The three men just stood staring at the source of his voice for a moment, till Jack was the first to snap out of it.
Langstrom shook his head. “No need. They’ll follow orders now Smith’s spies are out of the way.”
“Smith’s spies would be the eighteen held in the disciplinary cell?” Saul suggested. “And our friend down at your feet.”
The gory detritus in the air, Saul noticed, was all heading towards the louvres of an air cleaner, which began to make a sound like an air-locked central heating system as it gobbled them down. Langstrom glanced down at the corpse, taking a step back from the spreading blood. He then glanced up at a nearby cam, as if hoping to catch a glimpse of Saul. “Yeah, they’re not so hard to spot.”
“Once you’ve disarmed the rest, SA22 should be ready to fight the troops it was formerly ordered to assist.”
“We knew that would be necessary.”
Saul studied Langstrom carefully. How was he to judge this man? Could all this be some elaborate scheme to get a killer close enough to Saul to end things quickly?
“It will only become necessary if their space planes manage to evade the satellites I’m dropping on them … but be ready, all the same.” He left it at that, returning his attention to the screens in front of him, and the vector calculations inside his head.
“The pilots have spotted the satellites,” Braddock informed him.
The four space planes were now separating, their steering jets blasting, and contrails whipping away from their almost retracted wings. Saul adjusted the paths of his two satellites and after a minute, the planes reacted to that.

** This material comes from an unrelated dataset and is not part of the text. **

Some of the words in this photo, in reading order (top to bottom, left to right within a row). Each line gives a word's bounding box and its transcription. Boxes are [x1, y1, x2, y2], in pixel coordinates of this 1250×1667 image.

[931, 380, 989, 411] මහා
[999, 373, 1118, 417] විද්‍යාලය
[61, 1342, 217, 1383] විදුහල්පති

Perfect, they were dropping lower while extending their wings, hoping for greater manoeuvrability within atmosphere. Saul made another course correction to the satellites, whereupon one pilot—obviously a lot smarter than his fellows—raised his plane’s ailerons to aerobrake hard. All the steering jets pushing the plane down, it dropped out of formation just as the pilots of the other planes got wise, too, and tried to do the same thing.
He had imaging from the two satellites displayed on the screen, imaging from other satellites, too, and from the station itself. A grandstand view. One of the satellites streaked in, striking a space plane trying to throw itself into a turn. The target became an explosion fifteen kilometres long, stabbing past a second plane, the blastwave setting the second plane into a spin that he hoped it couldn’t correct. The next satellite hit the third plane, shearing off its rear half and leaving the rest to tumble through upper atmosphere, on and out of sight. Calculating its vector, he realized it would never actually hit the ground.

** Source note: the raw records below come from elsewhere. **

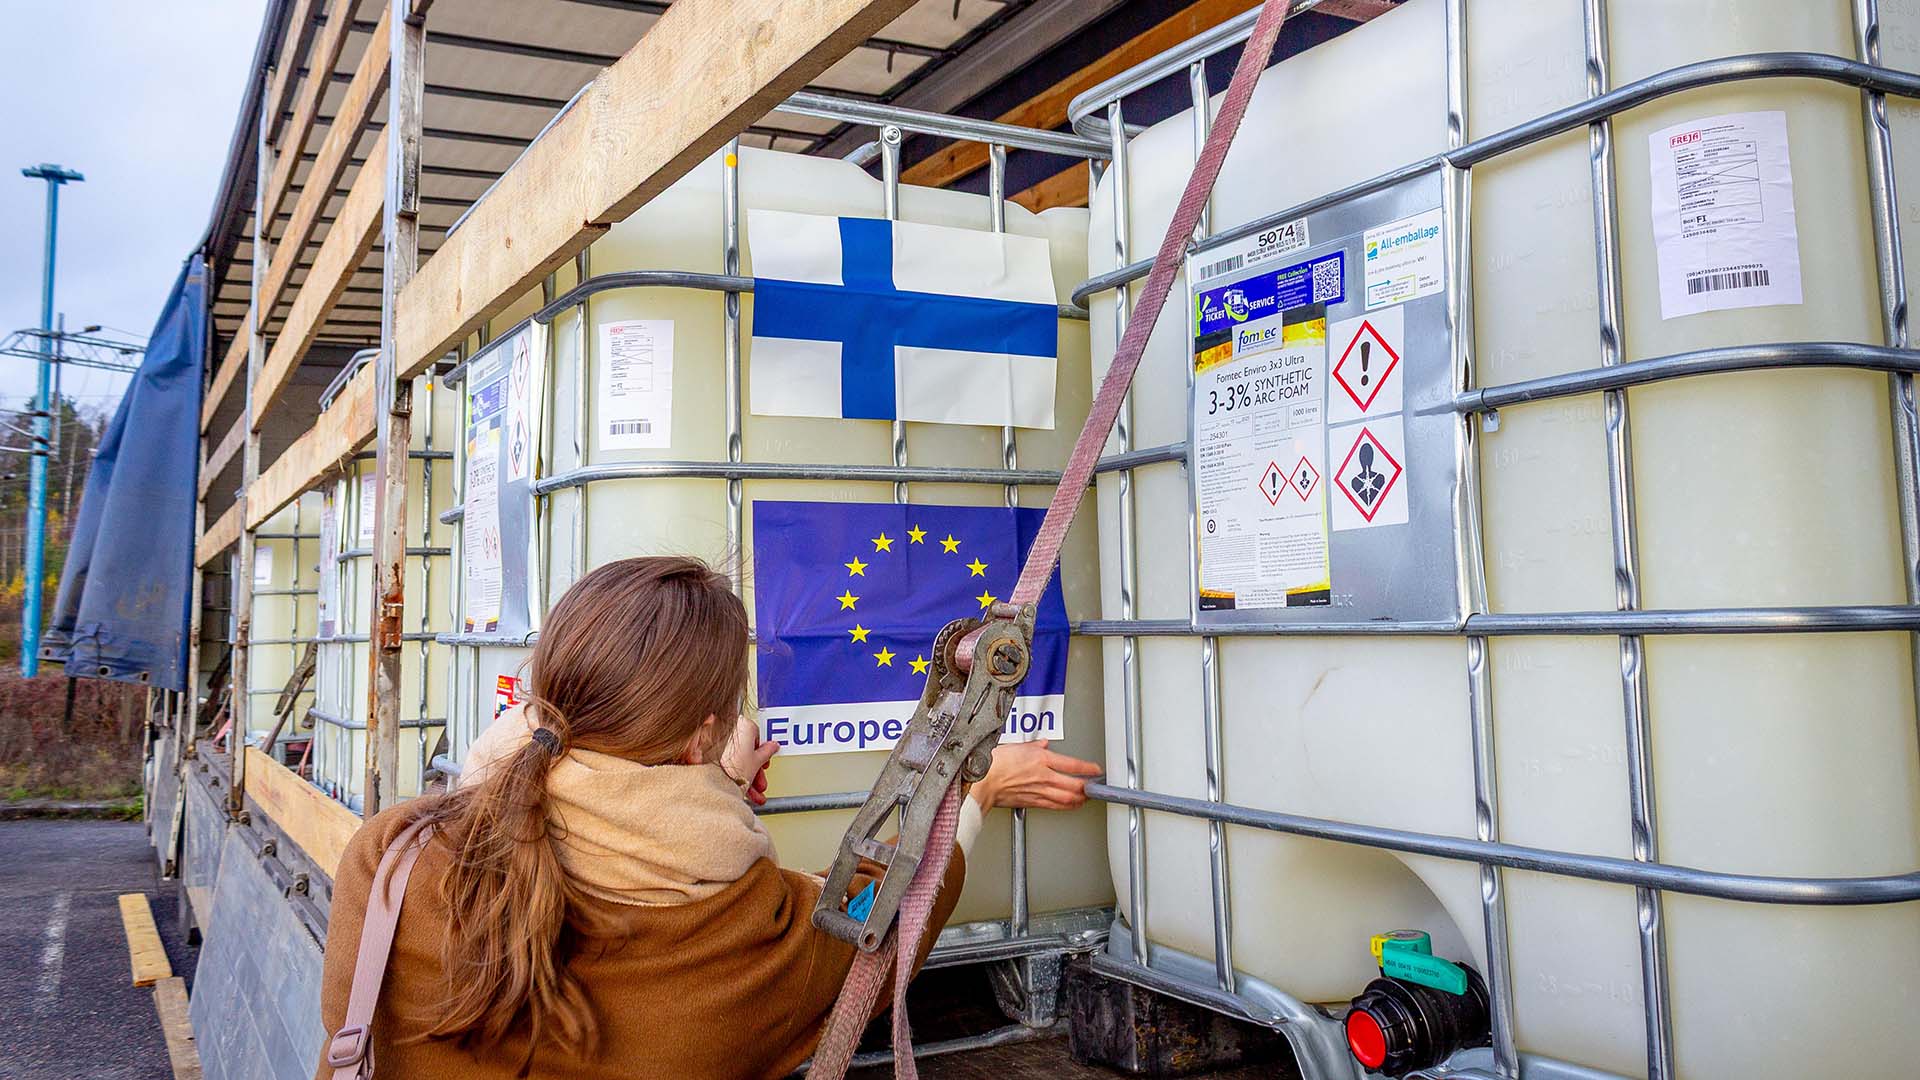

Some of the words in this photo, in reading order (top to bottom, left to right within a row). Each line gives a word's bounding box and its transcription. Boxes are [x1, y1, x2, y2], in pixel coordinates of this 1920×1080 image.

[1671, 132, 1699, 146] FREJA
[1696, 214, 1708, 224] FI
[1258, 224, 1295, 247] 5074
[1380, 225, 1439, 251] All-emballage
[1205, 309, 1226, 322] TICKET
[1249, 296, 1275, 311] SERVICE
[1238, 327, 1277, 353] fomtec
[1216, 370, 1242, 384] Fomtec
[1244, 364, 1267, 377] Enviro
[1269, 358, 1283, 371] 3x3
[1284, 354, 1305, 367] Ultra
[1254, 367, 1313, 392] SYNTHETIC
[1209, 382, 1251, 415] 3-3%
[1254, 390, 1276, 406] ARC
[1278, 382, 1310, 401] FOAM
[766, 717, 911, 749] Europe

“It’s recovering,” Braddock noted, gazing at the spinning plane as it gradually stabilized.
The spinning craft finally managed to correct, then abruptly extended its wings and began arcing down.

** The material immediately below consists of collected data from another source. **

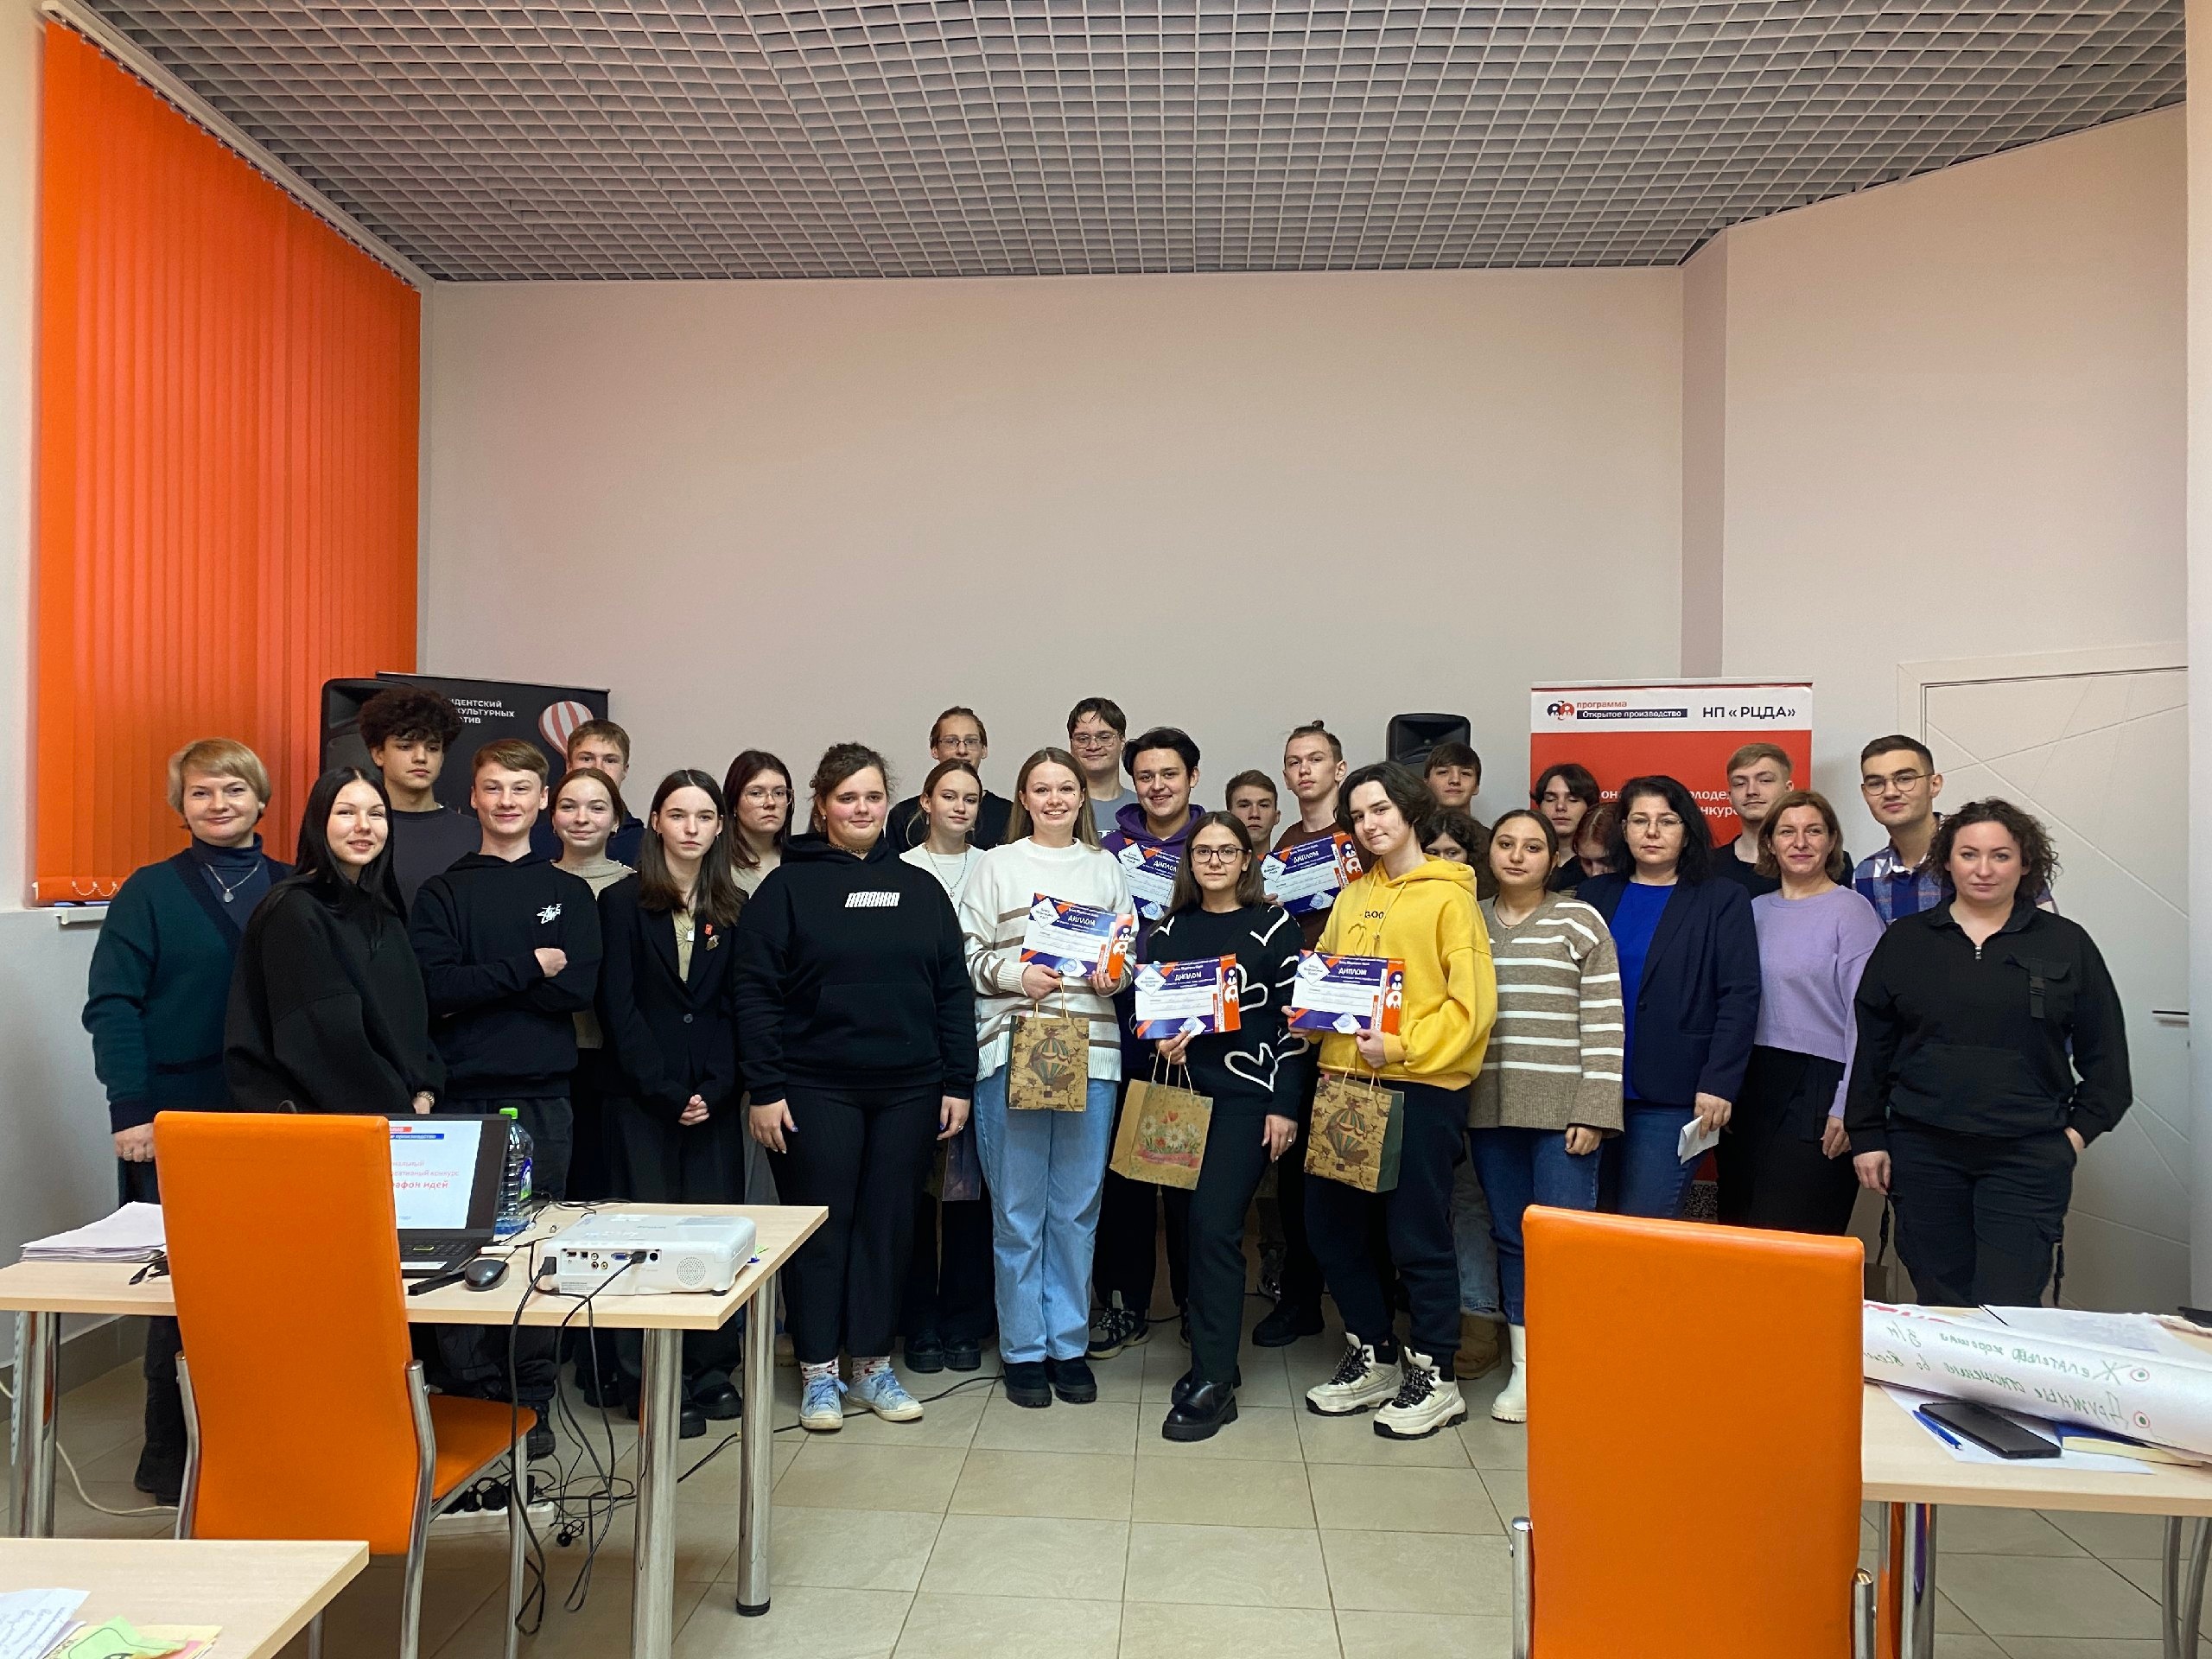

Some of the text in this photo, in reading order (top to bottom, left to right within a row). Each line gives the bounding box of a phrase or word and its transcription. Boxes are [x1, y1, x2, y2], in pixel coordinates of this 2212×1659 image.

[1576, 701, 1628, 709] программа
[1582, 710, 1682, 719] Открытое производство
[1702, 707, 1726, 717] НП
[1067, 914, 1096, 927] ДИПЛОМ
[1174, 970, 1202, 982] ДИПЛОМ
[1338, 967, 1367, 976] ДИПЛОМ

“Heading back to Minsk,” Saul noted. “Or maybe one of the emergency runways in Australia or Canada. Must have been damaged.”
“It’s out of it, then?”
“Yes, but we still have this problem.” Saul called up an image of the plane that had dropped out of formation first. It was once again rising through the upper atmosphere. “But we have time,” he continued. “It’ll have to do a full orbit of Earth”—he ran some calculations based on the fuel the plane had available and its optimum approach speed—“which gives us twenty-two hours.”
“Can you hit it with some more satellites?”
“No, they’ll be watching out for that now.” Saul turned his chair so as to face both Braddock and Hannah. “We’ll have to kill them near or actually inside the station, if we’re still alive by then.”